Cause . . : RPG procedure AICURB in program IC08XXCHGP/AICURB
received the message CPF4126 while performing an implicit OPEN
operation on file TRACE. The actual file is TRACE. <<SNIP>>
RNQ1216 Sender copy 99 03/23/16 02:31:01.045936
QRNXIE QSYS *STMT QRNXIE QSYS *STMT
From module .: QRNXMSG
From procedure: InqMsg
Statement . .: 15
To module . .: QRNXMSG
To procedure : InqMsg
Statement . .: 15
Message: Error message CPF4126 appeared during OPEN for
file TRACE (C S D F).
Cause . . : RPG procedure AICURB in program IC08XXCHGP/AICURB
received

If the timeout [seen in the failure] is additive to the WAITFILE for the complete Open processing, then increasing that value [shown as *IMMED, meaning no-wait-timeout] on the saved file [or on restored-to file, if using restore-over vs scratch-restore of the file] could assist to prevent the timeout.? I expect more likely, the condition(s) for which the access path must be rebuilt are best resolved; e.g. if not saving access paths, then changing to do so [along with any other required corrections such as ensuring that the AccPth of the saved file is valid] would be the ideal resolution. Ensuring the AccPths are saved\restored prevents need for any rebuilds and thus should avoid any potential conflicts for attempts to rebuild; excepting conditions whereby the access path is marked invalid after restore due either to defect or defect-corrective-action, but that seems highly improbable as possible origin in the described scenario.
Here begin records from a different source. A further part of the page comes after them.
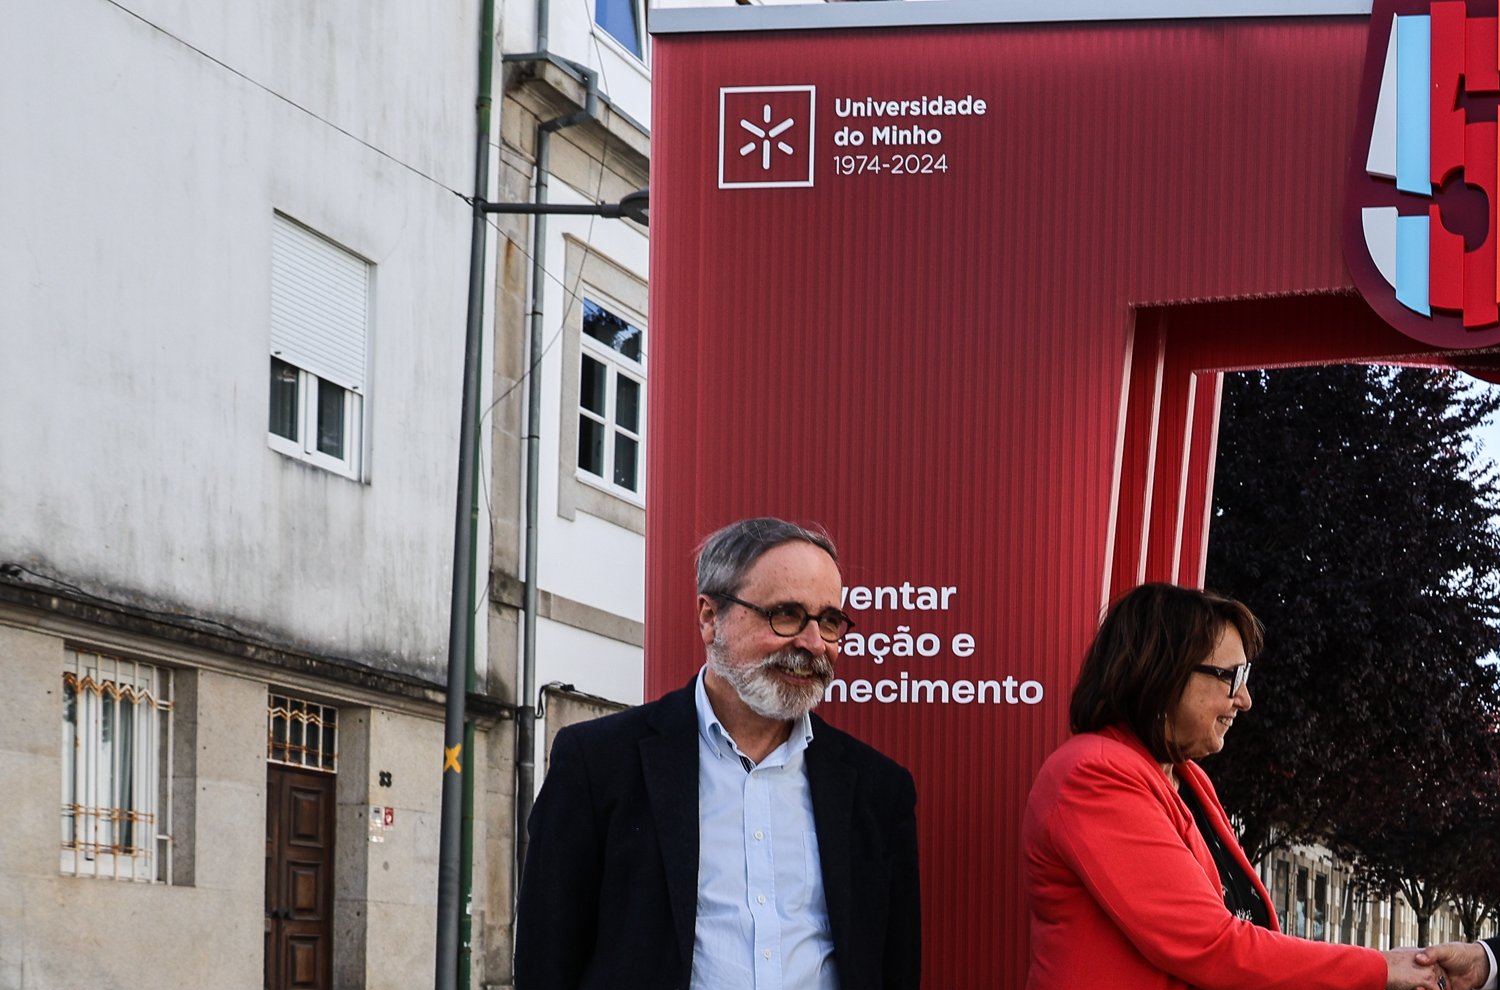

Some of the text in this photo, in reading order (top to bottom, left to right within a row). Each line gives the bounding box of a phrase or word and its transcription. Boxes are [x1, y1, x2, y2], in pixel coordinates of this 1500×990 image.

[835, 95, 987, 117] Universidade
[834, 125, 942, 146] do Minho
[833, 154, 948, 175] 1974-2024
[837, 625, 976, 665] ação e
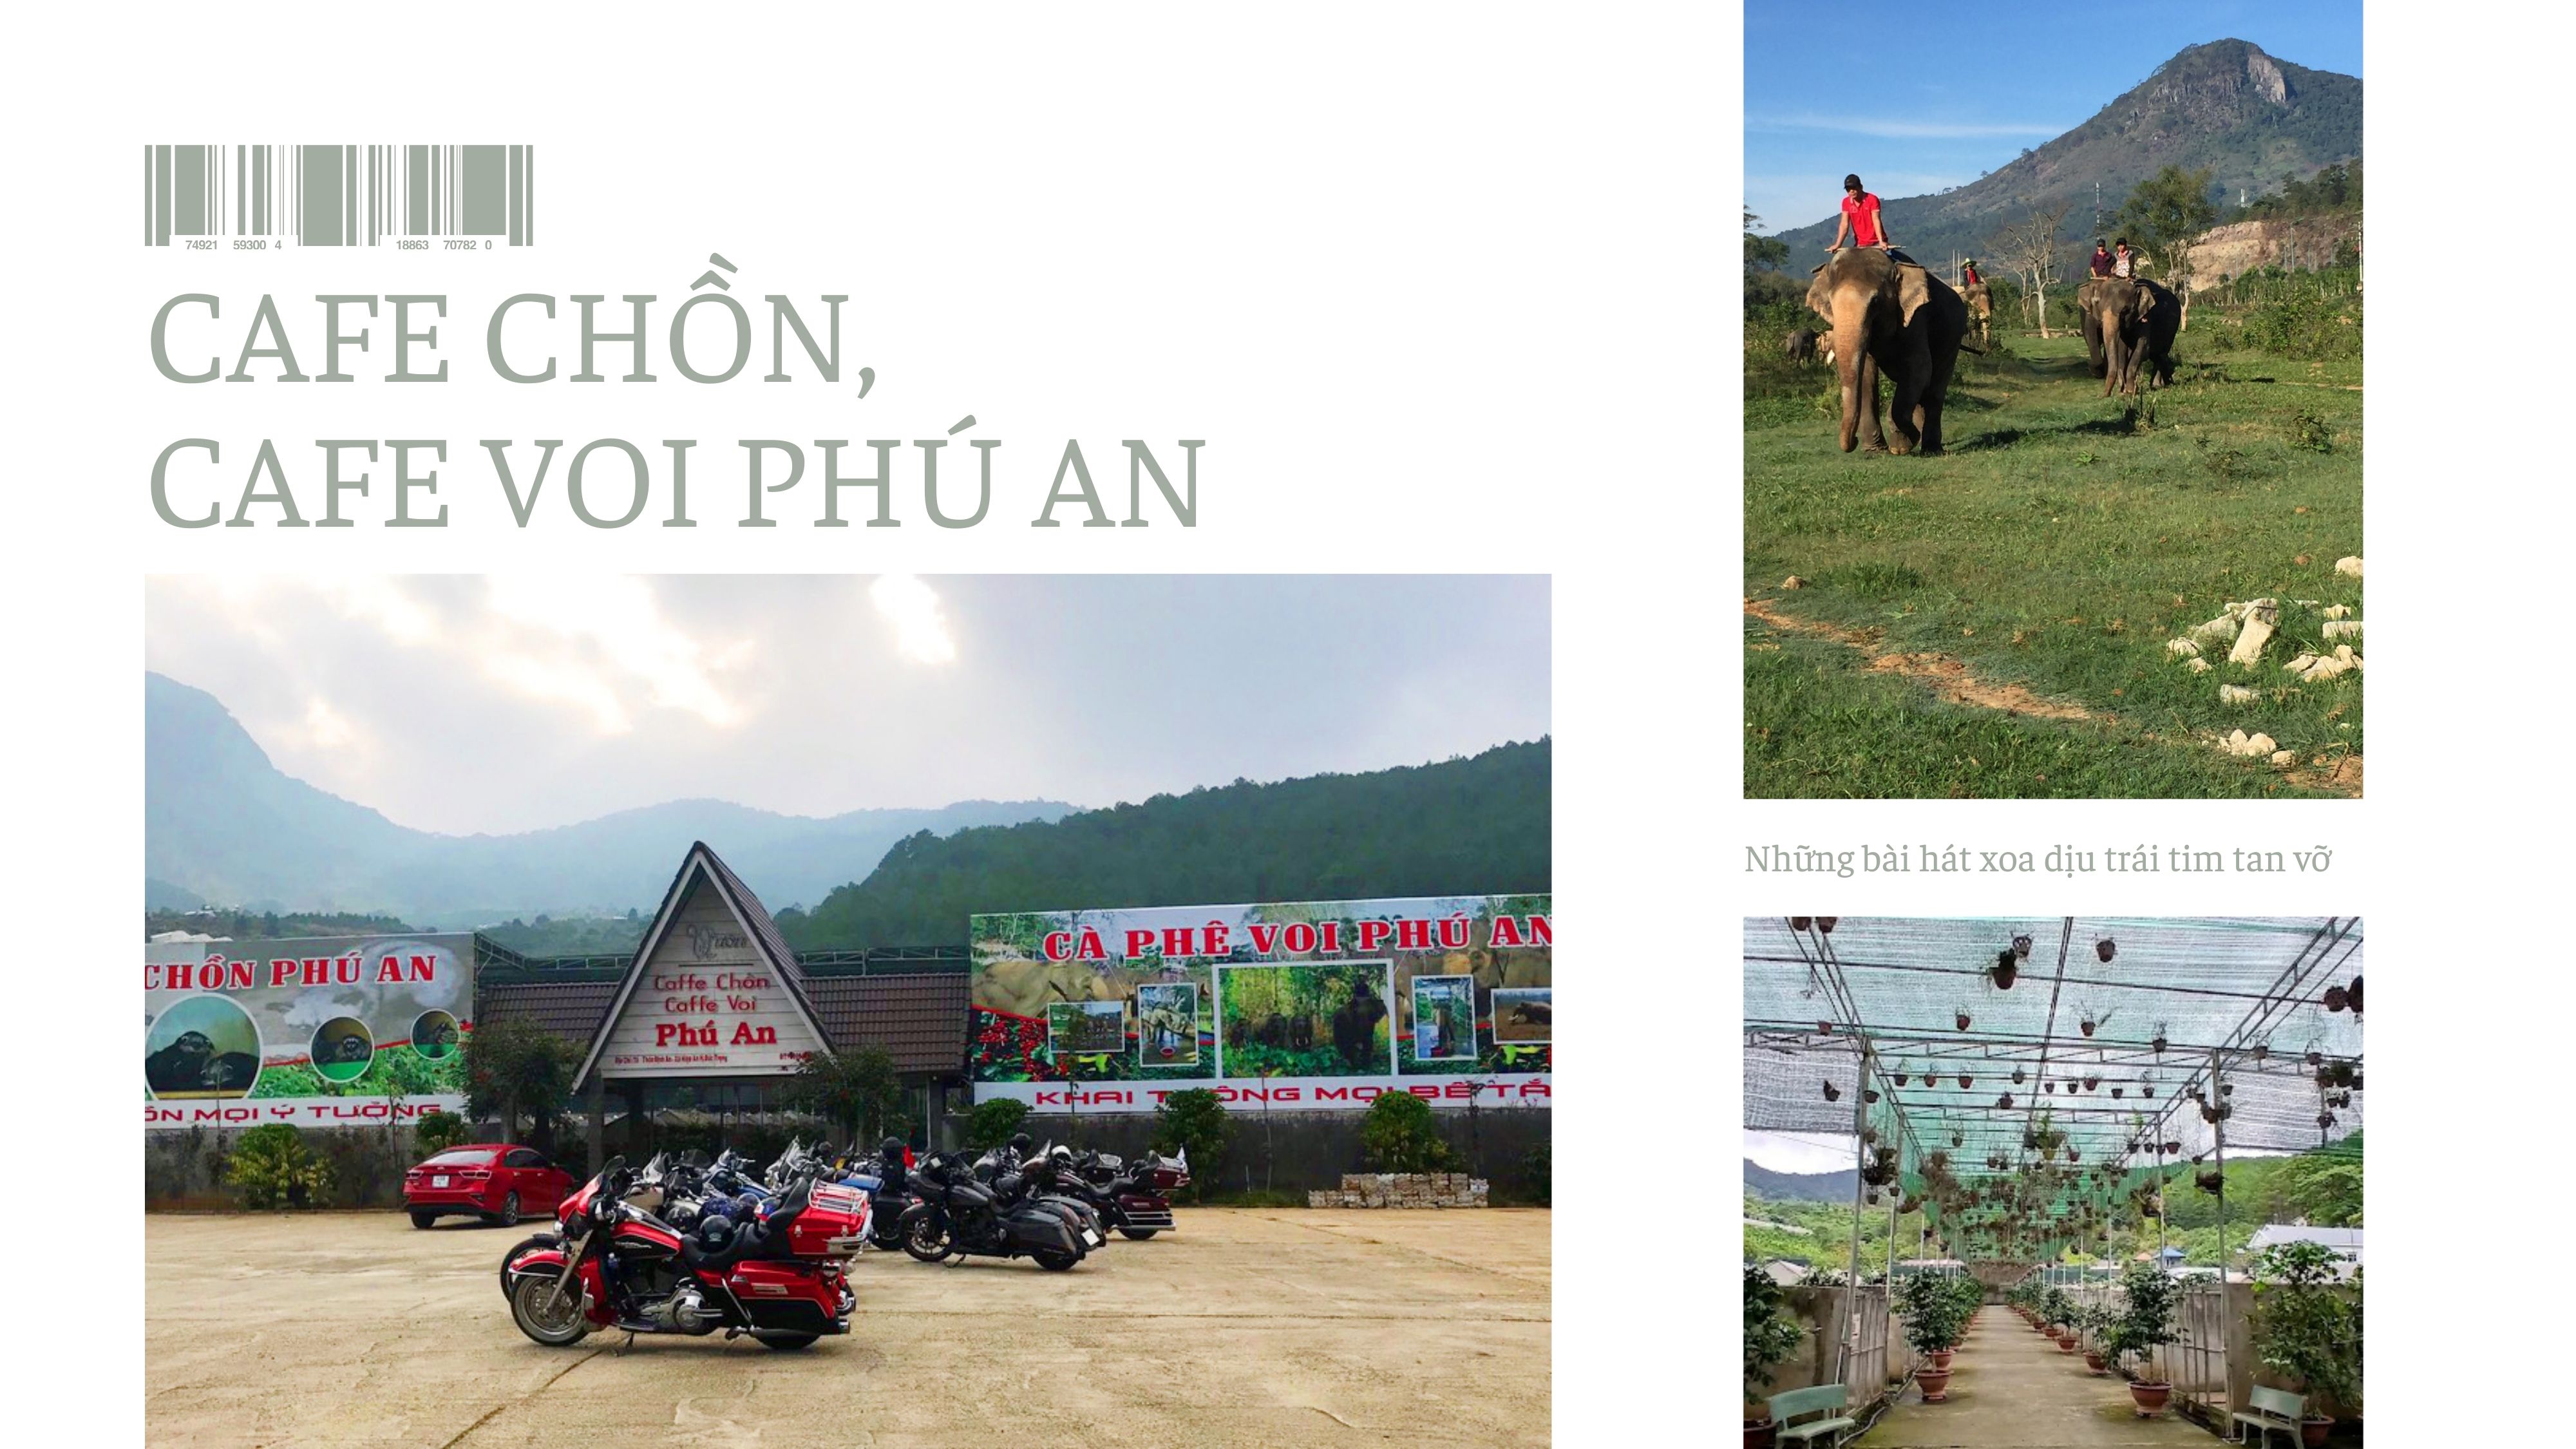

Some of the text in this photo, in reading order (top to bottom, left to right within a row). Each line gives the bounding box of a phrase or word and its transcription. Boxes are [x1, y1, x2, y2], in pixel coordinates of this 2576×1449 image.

[1043, 911, 1552, 961] CÀ PHÊ VOI PHÚ AN
[269, 950, 362, 987] PHÚ
[376, 955, 437, 983] AN
[655, 974, 707, 990] Caffe
[665, 996, 757, 1013] Caffe Voi
[656, 1019, 777, 1048] Phú An
[1036, 1091, 1133, 1105] KHAI
[1148, 1086, 1300, 1103] TÔNG
[195, 1108, 258, 1123] MỌI
[271, 1104, 295, 1119] Ý
But as noted earlier, being a PF, an issue for a PFM AccPth being rebuilt is apparently due to the AccPth being invalid on the saved-from member [and thus the AccPth was omitted from the media]; ensuring the PFM AccPth gets saved\restored, requires correcting the condition of the invalid access path whence the file\member is being saved; if the AccPth of the saved file claims to be valid, then something else\weirder is going on [like alluded "conditions", just above].